Task statement.
Reproduce the full listing as it stands. Images do not belong in the copy.

/---

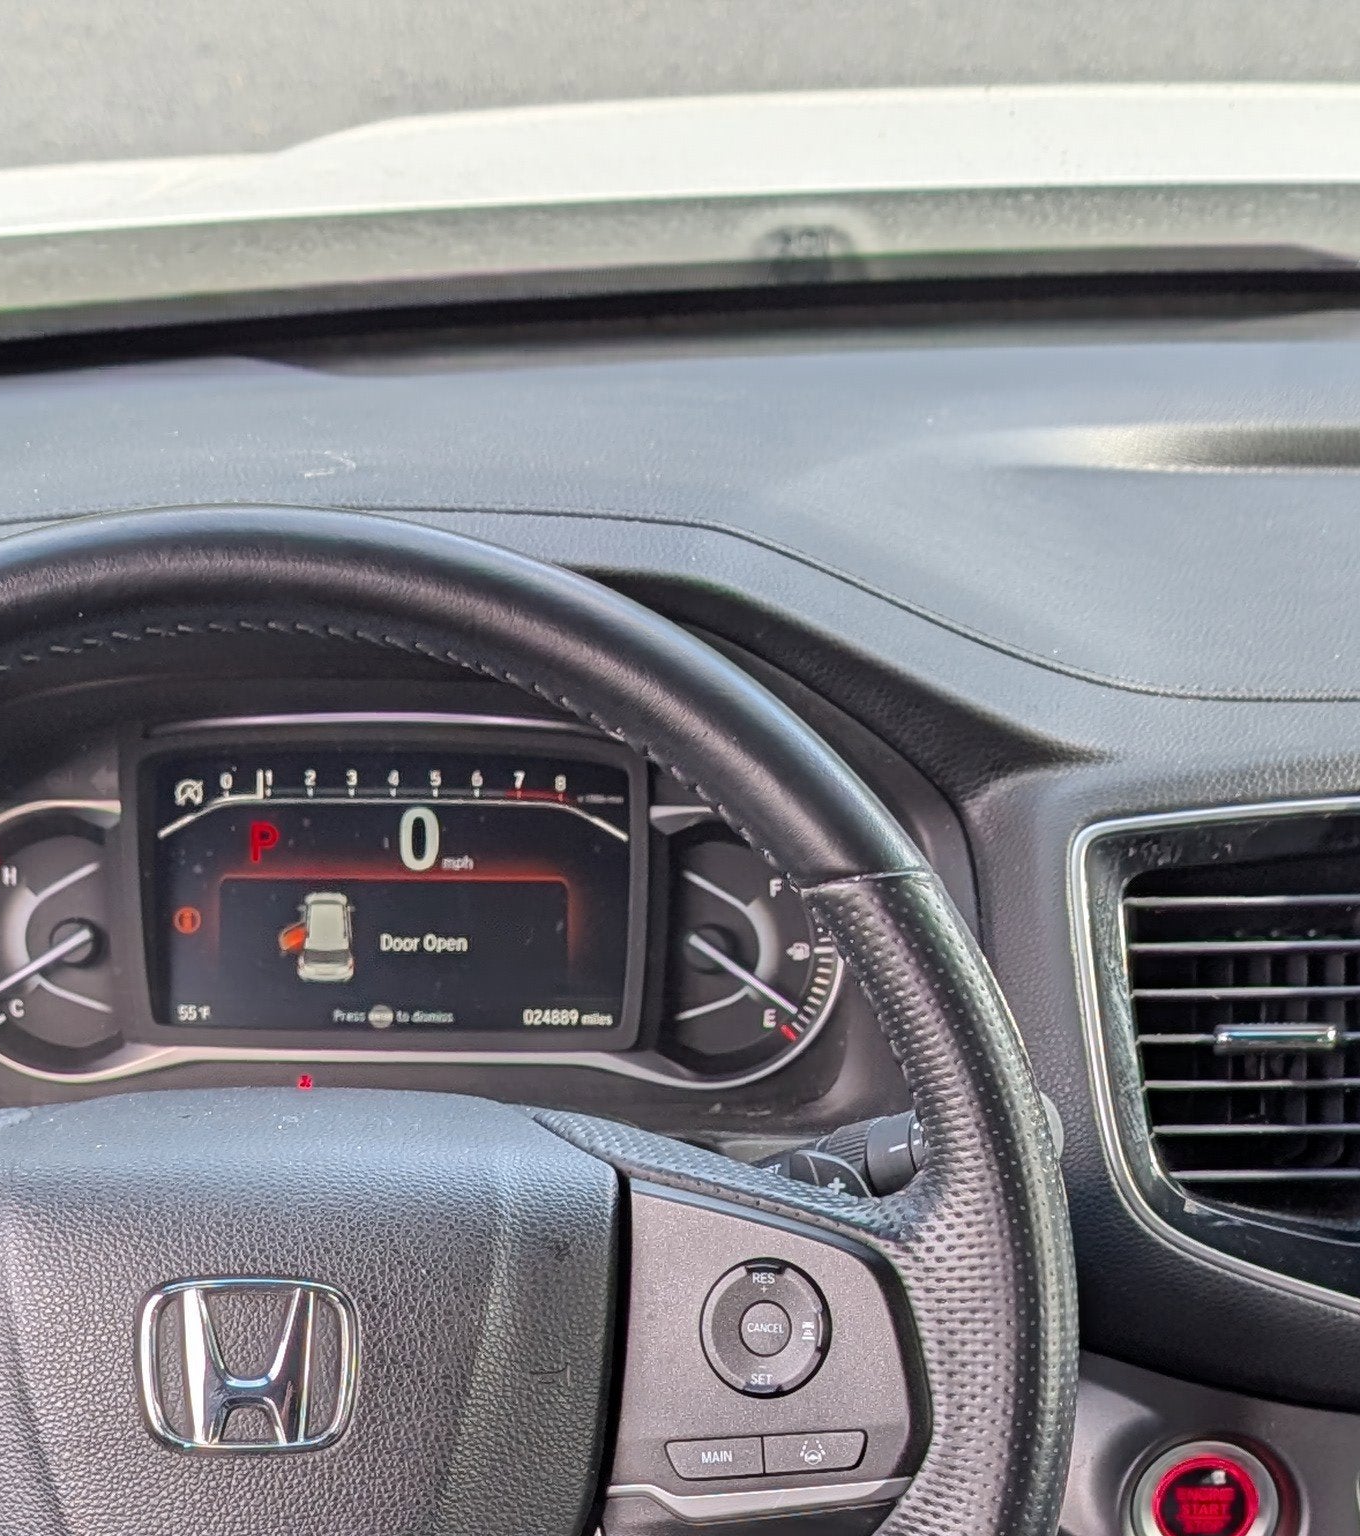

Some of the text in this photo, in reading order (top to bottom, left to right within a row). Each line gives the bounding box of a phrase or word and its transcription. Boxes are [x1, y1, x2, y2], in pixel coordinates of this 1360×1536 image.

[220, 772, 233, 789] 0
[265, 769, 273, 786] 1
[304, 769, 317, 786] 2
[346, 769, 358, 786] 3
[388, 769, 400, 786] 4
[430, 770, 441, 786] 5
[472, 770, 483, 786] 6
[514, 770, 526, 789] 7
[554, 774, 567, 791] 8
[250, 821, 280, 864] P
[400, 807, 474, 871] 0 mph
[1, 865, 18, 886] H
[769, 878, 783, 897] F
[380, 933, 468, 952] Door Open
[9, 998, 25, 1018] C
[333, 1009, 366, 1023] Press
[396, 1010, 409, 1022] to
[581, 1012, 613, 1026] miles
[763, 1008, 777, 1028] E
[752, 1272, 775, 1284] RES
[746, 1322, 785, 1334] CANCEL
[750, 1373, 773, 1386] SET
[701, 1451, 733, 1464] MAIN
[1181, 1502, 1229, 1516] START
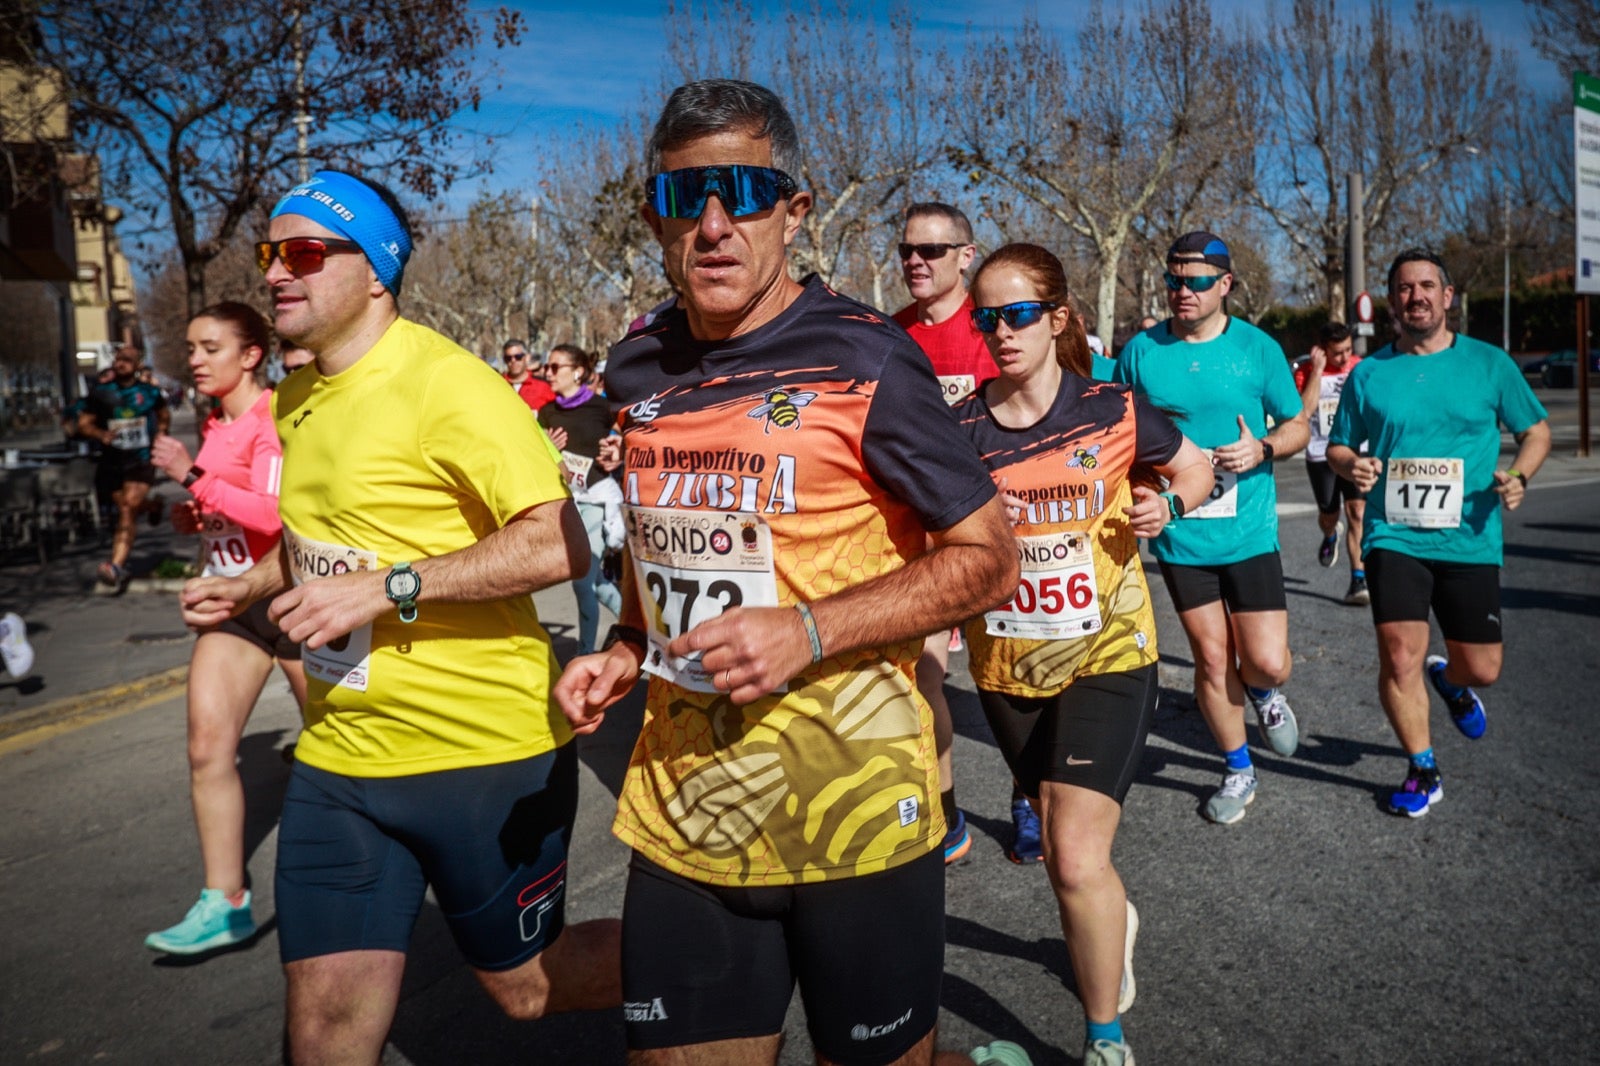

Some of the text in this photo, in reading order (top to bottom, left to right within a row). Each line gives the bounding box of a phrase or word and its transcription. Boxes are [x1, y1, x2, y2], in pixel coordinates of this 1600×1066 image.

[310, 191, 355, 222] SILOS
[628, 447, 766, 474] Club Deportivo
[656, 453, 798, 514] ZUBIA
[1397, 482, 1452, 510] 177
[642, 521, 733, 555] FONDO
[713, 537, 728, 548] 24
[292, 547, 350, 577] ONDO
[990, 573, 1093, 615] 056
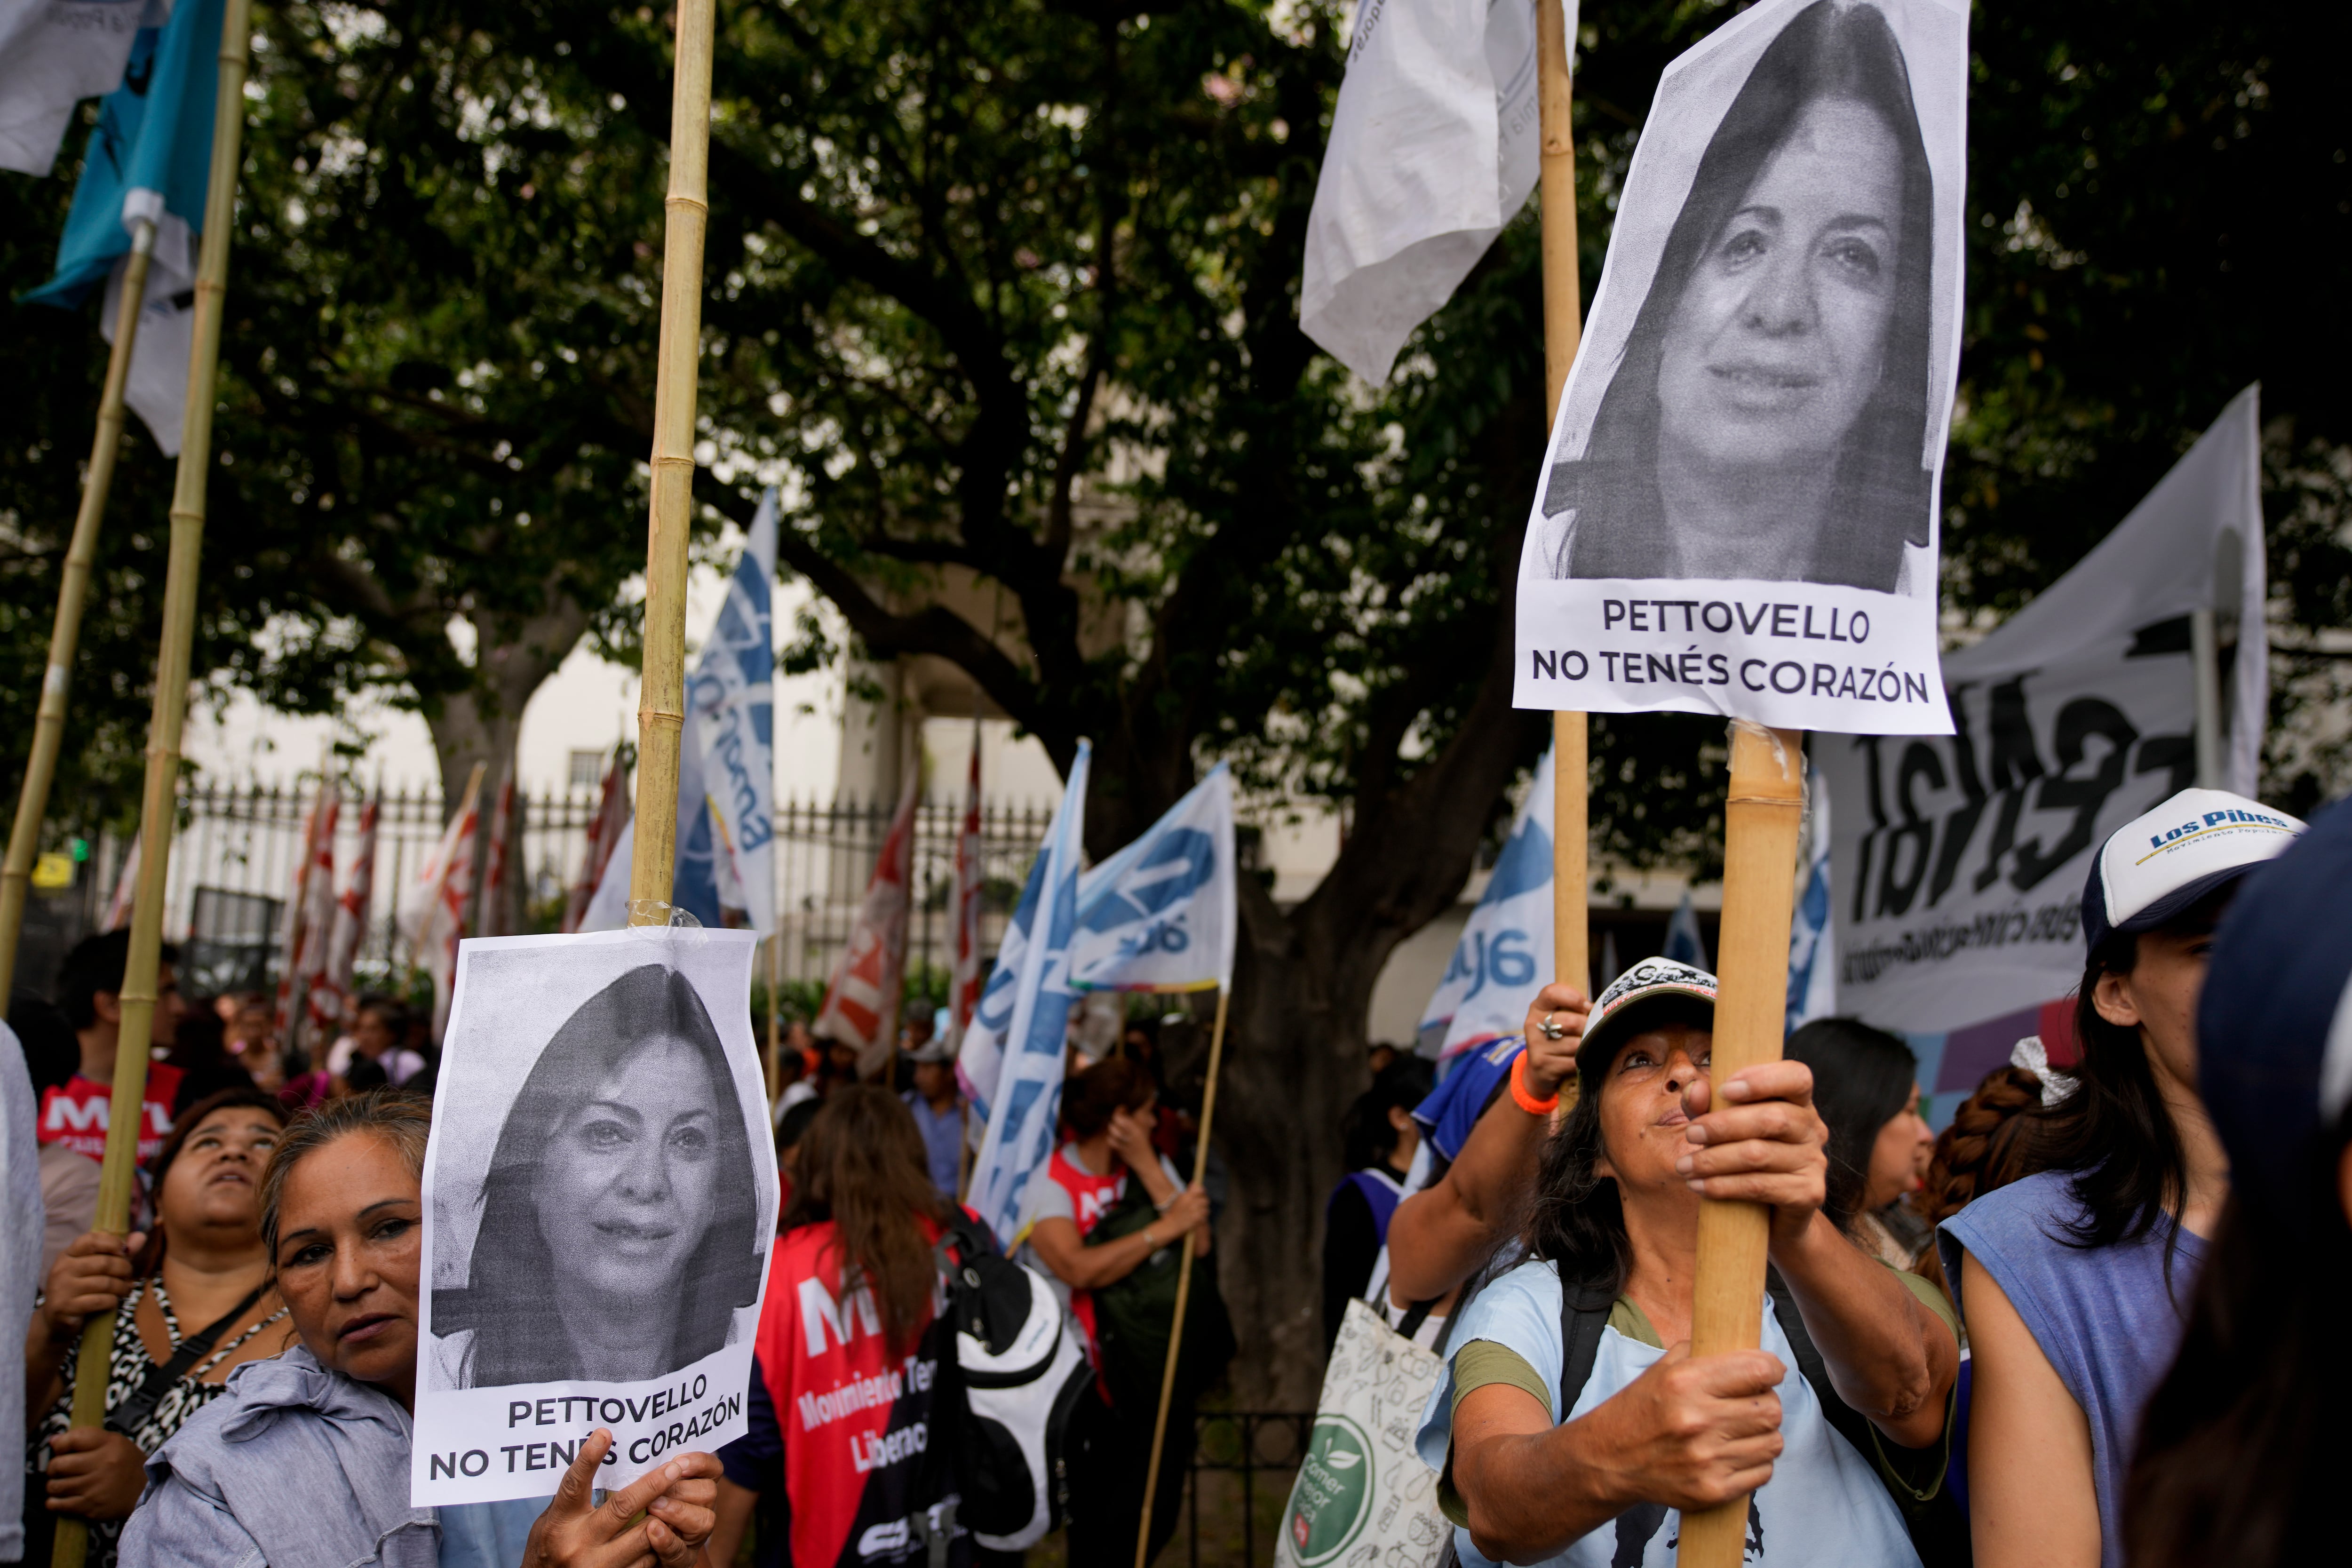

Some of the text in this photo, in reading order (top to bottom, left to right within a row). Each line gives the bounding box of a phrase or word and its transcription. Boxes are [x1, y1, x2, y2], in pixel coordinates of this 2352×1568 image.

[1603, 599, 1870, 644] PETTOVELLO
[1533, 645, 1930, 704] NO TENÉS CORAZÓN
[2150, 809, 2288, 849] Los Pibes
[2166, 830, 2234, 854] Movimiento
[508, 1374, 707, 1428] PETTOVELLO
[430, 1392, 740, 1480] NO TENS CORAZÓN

\---

Your response.
Some of the text in this photo, in reading order (top to bottom, left to right within a row). Each line gives the bounding box of a phrase or word and its transcription. Boxes are [x1, y1, x2, y2], in pixel coordinates of this 1360×1536 image.

[220, 772, 233, 789] 0
[265, 769, 273, 786] 1
[304, 769, 317, 786] 2
[346, 769, 358, 786] 3
[388, 769, 400, 786] 4
[430, 770, 441, 786] 5
[472, 770, 483, 786] 6
[514, 770, 526, 789] 7
[554, 774, 567, 791] 8
[250, 821, 280, 864] P
[400, 807, 474, 871] 0 mph
[1, 865, 18, 886] H
[769, 878, 783, 897] F
[380, 933, 468, 952] Door Open
[9, 998, 25, 1018] C
[333, 1009, 366, 1023] Press
[396, 1010, 409, 1022] to
[581, 1012, 613, 1026] miles
[763, 1008, 777, 1028] E
[752, 1272, 775, 1284] RES
[746, 1322, 785, 1334] CANCEL
[750, 1373, 773, 1386] SET
[701, 1451, 733, 1464] MAIN
[1181, 1502, 1229, 1516] START

Some of the text in this photo, in reading order (top to bottom, left to right within a row). Each line gives the bounding box of a phrase or word and its transcription. Boxes are [x1, y1, x2, y2], in pixel coordinates of this 1600×1066 image.

[310, 191, 355, 222] SILOS
[628, 447, 766, 474] Club Deportivo
[656, 453, 798, 514] ZUBIA
[1397, 482, 1452, 510] 177
[642, 521, 733, 555] FONDO
[713, 537, 728, 548] 24
[292, 547, 350, 577] ONDO
[990, 573, 1093, 615] 056

Some of the text in this photo, in reading order (top to bottom, left to right within a row). Each line gives the bounding box of a phrase or word and its transcription. Boxes are [x1, y1, x2, y2], in pixel coordinates of this 2352×1568 image.

[1603, 599, 1870, 644] PETTOVELLO
[1533, 645, 1930, 704] NO TENÉS CORAZÓN
[2150, 809, 2288, 849] Los Pibes
[2166, 830, 2234, 854] Movimiento
[508, 1374, 707, 1428] PETTOVELLO
[430, 1392, 740, 1480] NO TENS CORAZÓN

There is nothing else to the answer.